We believe that the experiments were designed to be properly representative of conditions in a home kitchen. They may or may not be applicable to other plastic and wooden food contact surfaces or to cutting boards in commercial food processing or food service operations, but we have no reason to believe that they are not relevant, except that not all plastic surfaces are subject to knife-scarring. Before our first studies had been published, they were criticized incorrectly for not having included used (knife-scarred) cutting surfaces. We had been careful to include used surfaces, and so were surprised that others who did later experiments and claimed to have refuted our findings often had used only new plastic and wood. Although some established scientific laboratories say their results differ from ours, we have received multiple communications from school children who have done science projects that have reached essentially the same conclusions that we did. 
We have no commercial relationships to any company making cutting boards or other food preparation utensils. We have tested boards and cleaning and disinfection products, some of which were supplied to us gratis. We have not tested all of the products that have been sent to us, simply because there is not time. We are aware that there are other food preparation surfaces made of glass or of stainless steel; we have done very little with these because they are quite destructive of the sharp cutting edges of knives, and therefore introduce another class of hazard to the kitchen. We believe, on the basis of our published and to-be-published research, that food can be prepared safely on wooden cutting surfaces and that plastic cutting surfaces present some disadvantages that had been overlooked until we found them. 
In addition to our laboratory research on this subject, we learned after arriving in California in June of 1995 that a case-control study of sporadic salmonellosis had been done in this region and included cutting boards among many risk factors assessed (Kass, P.H., et al., Disease determinants of sporadic salmonellosis in four northern California counties: a case control study of older children and adults. Ann. Epidemiol. 2:683-696, 1992.). The project had been conducted before our work began. It revealed that those using wooden cutting boards in their home kitchens were less than half as likely as average to contract salmonellosis (odds ratio 0.42, 95% confidence interval 0.22-0.81), those using synthetic (plastic or glass) cutting boards were about twice as likely as average to contract salmonellosis (O.R. 1.99, C.I. 1.03-3.85); and the effect of cleaning the board regularly after preparing meat on it was not statistically significant (O.R. 1.20, C.I. 0.54-2.68). We know of no similar research that has been done anywhere, so we regard it as the best epidemiological evidence available to date that wooden cutting boards are not a hazard to human health, but plastic cutting boards may be.
*Publications to date from our work*:
Ak, N. O., D. O. Cliver, and C. W. Kaspar. 1994. Cutting boards of plastic and wood contaminated experimentally with bacteria. J. Food Protect. 57: 16-22.
Ak, N. O., D. O. Cliver, and C. W. Kaspar. 1994. Decontamination of plastic and wooden cutting boards for kitchen use. J. Food Protect. 57: 23-30,36.
Galluzzo, L., and D. O. Cliver. 1996. Cutting boards and bacteria--oak vs. _Salmonella_. Dairy, Food Environ. Sanit. 16: 290-293.
Park, P. K., and D. O. Cliver. 1996. Disinfection of household cutting boards with a microwave oven. J. Food. Protect. 59: 1049-1054.
Park, P. K., and D. O. Cliver. 1997. Cutting boards up close. Food Quality 3(Issue 22, June-July): 57-59.Others are in preparation.

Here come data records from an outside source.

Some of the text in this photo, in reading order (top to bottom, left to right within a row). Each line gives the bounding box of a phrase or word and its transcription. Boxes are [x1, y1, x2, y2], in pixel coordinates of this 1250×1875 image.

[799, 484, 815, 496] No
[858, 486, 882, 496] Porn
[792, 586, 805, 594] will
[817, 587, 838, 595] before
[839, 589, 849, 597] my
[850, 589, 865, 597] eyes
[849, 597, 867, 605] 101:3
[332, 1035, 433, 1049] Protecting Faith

*Back to Current Research*


----------



## eaglewing (Dec 31, 2009)

*FLIP IT OVER AND USE THE OTHER SIDE!!!!*

Sorry, I couldn't resist

But in all seriousness if you have deep cuts in it then that is a place for germs and bacteria to hide and escape from deep cleaning.

They really are not that expensive (not that I can talk for anyone else's budget, that's not what I mean) What I mean is compaired to some of the other tools and accesories we have to buy for this hobby, a NEW SAFE cutting board is not that bad.


----------



## chefrob (Dec 31, 2009)

if boards are not able to be cleaned and sanitized toss them. i have sanded them down before......never ran them through a planer but i don't see why ya couldn't.
remember that cleaning is not sanitizing and vise versa.


----------



## hoser (Jan 1, 2010)

bump to first page


----------



## 3montes (Jan 1, 2010)

I just received a brand new carving board yesterday from this company.
http://www.epicureancs.com/#welcome.php

The company is local here and a friend of my sons works for them operating one of their cnc machines. A few months ago he hooked me up with a set of their modular cutting boards. They are VERY top shelf. 
I suggest you check them out if you are looking for good quality cutting boards.

As far as care and maintenance I follow the instructions on their web site which is basically run them through the diswasher, dry and store on end. 
I expect these boards will outlast my lifetime they are that good.


----------



## bbq engineer (Jan 1, 2010)

After reading Hoser's post ( 
	

	
	
		
		



		
		
	


	





), I am more curious than ever about which is better and how to clean and care for them. I found some examination of the pro's / con's of each, and also found out that the FDA recommends the plastic ones for commercial food service?? (as indicated by this website). 

http://www.reluctantgourmet.com/cutting_board.htm


I have always liked the plastic ones since I can hit them with some bleach to disinfect...at least it made me feel better about them, and then into the dishwasher. I don't think you can do that with wooden ones.


----------



## mulepackin (Jan 1, 2010)

http://www.fsis.usda.gov/fact_sheets...fety/index.asp


----------



## mballi3011 (Jan 1, 2010)

I'm a wood nut. I like it for everything from cutting boards to differant furniture. I have been making stuff all my life. After  a quick debate I decided to stick with my wood boards and I just sand and re-oil them on a regular basis so I will keep on doing what I do and keeps chopping on wood too. If you guys and girls have noticed in some of my pictures we have solid (2") maple butcher block counter tops in my kitchen.


----------



## mulepackin (Jan 1, 2010)

Just for the sake of this discussion, I've tried sanding down some old scarred up plastic cutting boards. Not really worth the hassle. I keep them for butchering game and using in my hunting camp. I've also "read" that some wooden boards have a natural bacteriostatic nature to them. I've never been able to confirm that reliably though.


----------